» **What to produce**
When you write out the listing, keep every character and omit the pictures.

» **Material for this task**
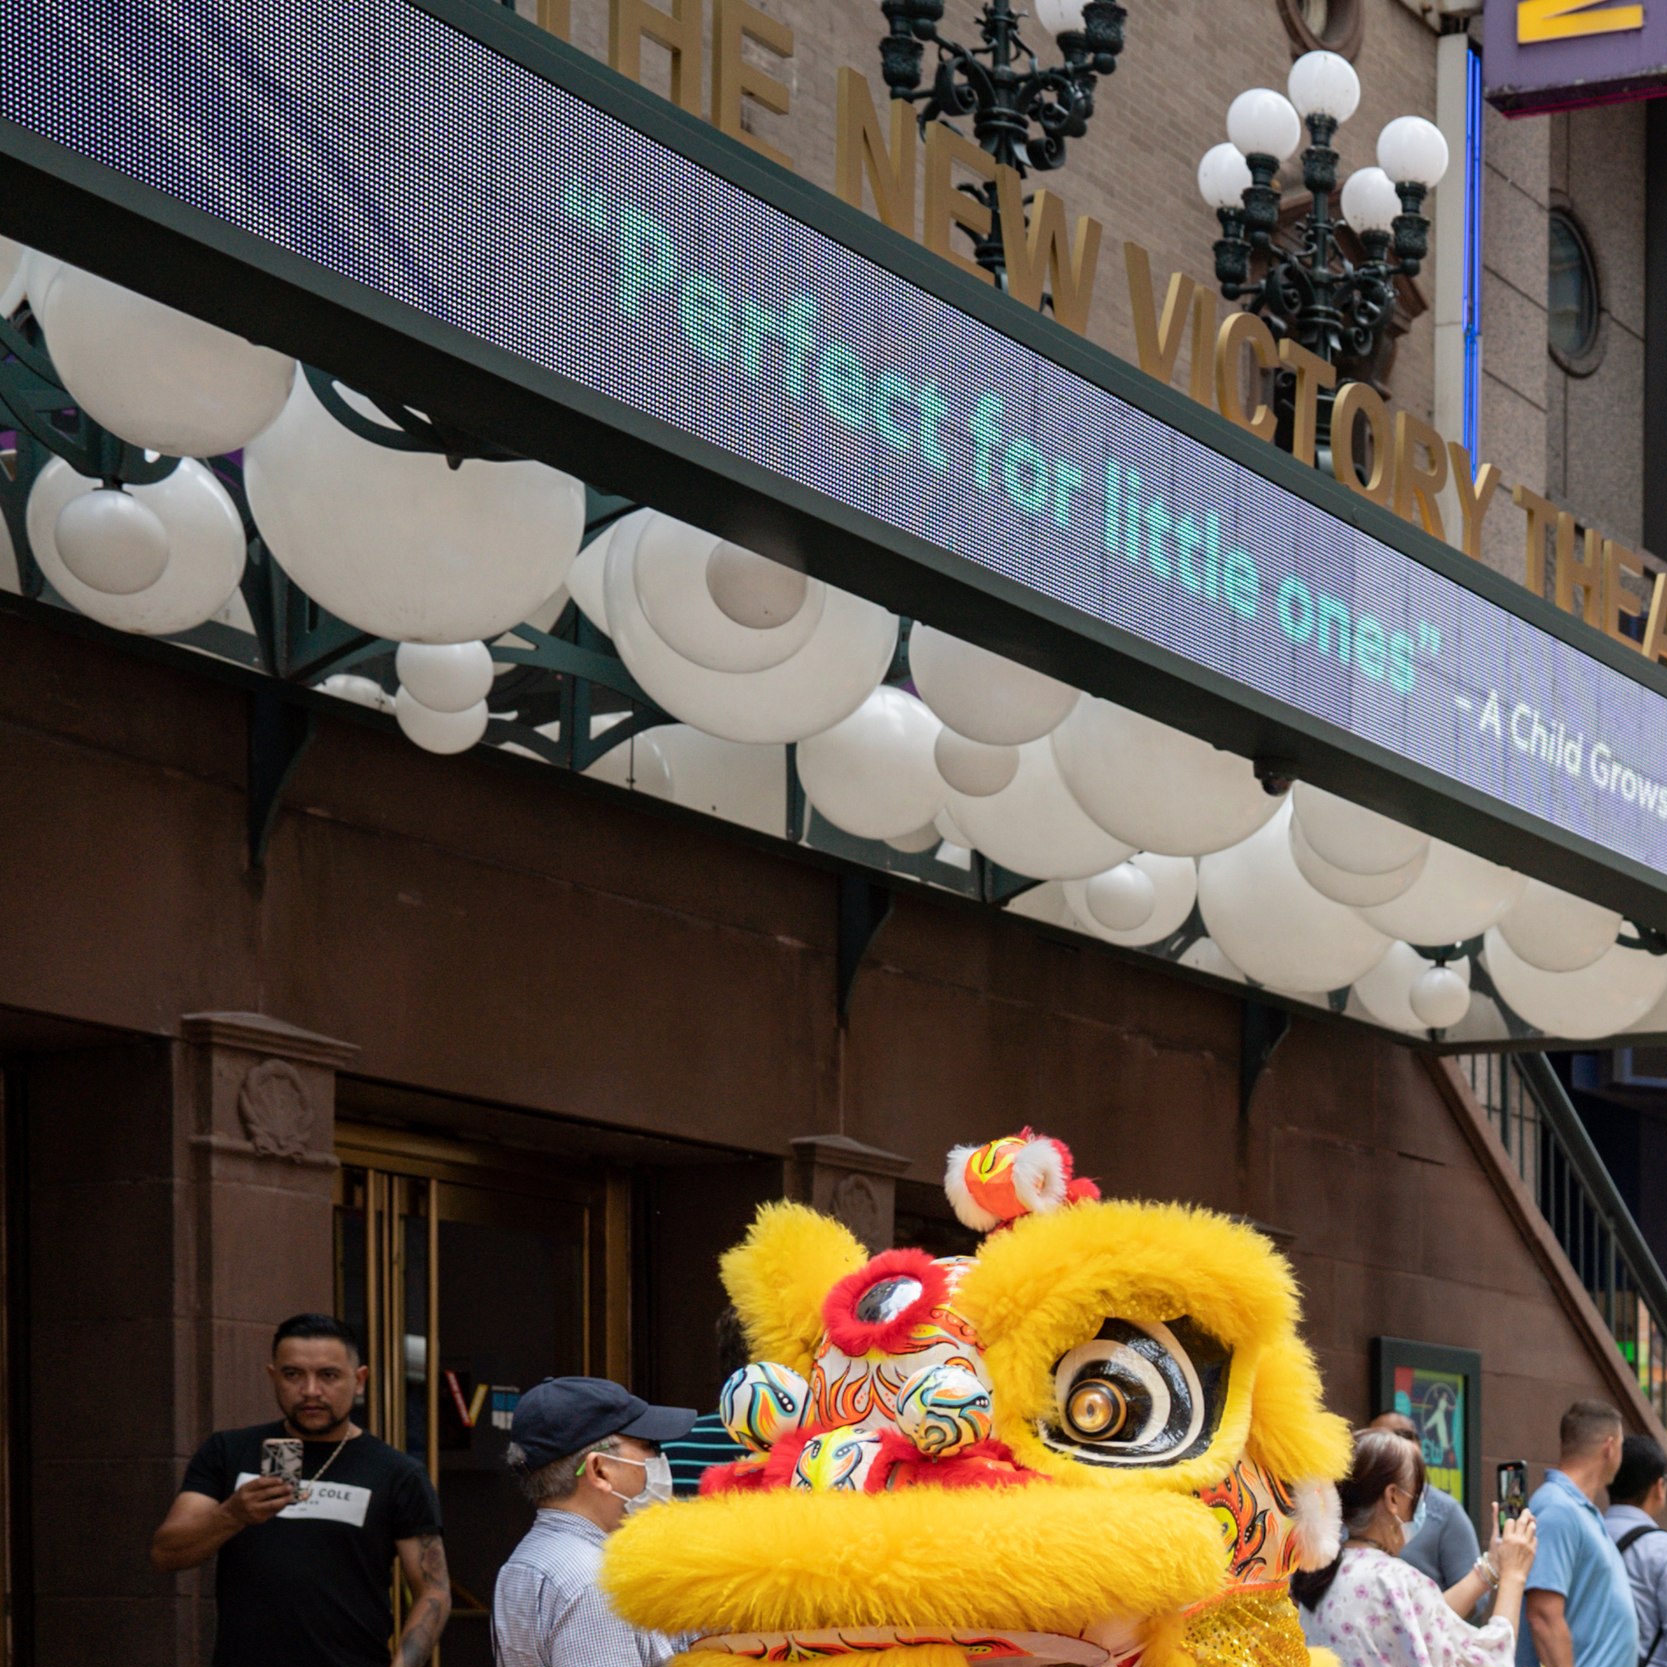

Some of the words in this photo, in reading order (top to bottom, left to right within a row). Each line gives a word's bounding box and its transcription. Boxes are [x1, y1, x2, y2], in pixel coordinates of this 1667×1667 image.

[537, 0, 794, 169] HE
[836, 67, 1102, 334] NEW
[1124, 241, 1500, 561] VICTORY
[969, 392, 1087, 528] for
[1103, 457, 1260, 619] little
[1479, 688, 1501, 740] A
[1511, 702, 1584, 778] Child
[318, 1488, 351, 1501] COLE

» **Task output**
Some of the words in this photo, in reading order (top to bottom, left to right within a row). Each line gives a word's bounding box and its transcription. Boxes are [x1, y1, x2, y2], in pixel coordinates of this 1667×1667 image.

[537, 0, 794, 169] HE
[836, 67, 1102, 334] NEW
[1124, 241, 1500, 561] VICTORY
[969, 392, 1087, 528] for
[1103, 457, 1260, 619] little
[1479, 688, 1501, 740] A
[1511, 702, 1584, 778] Child
[318, 1488, 351, 1501] COLE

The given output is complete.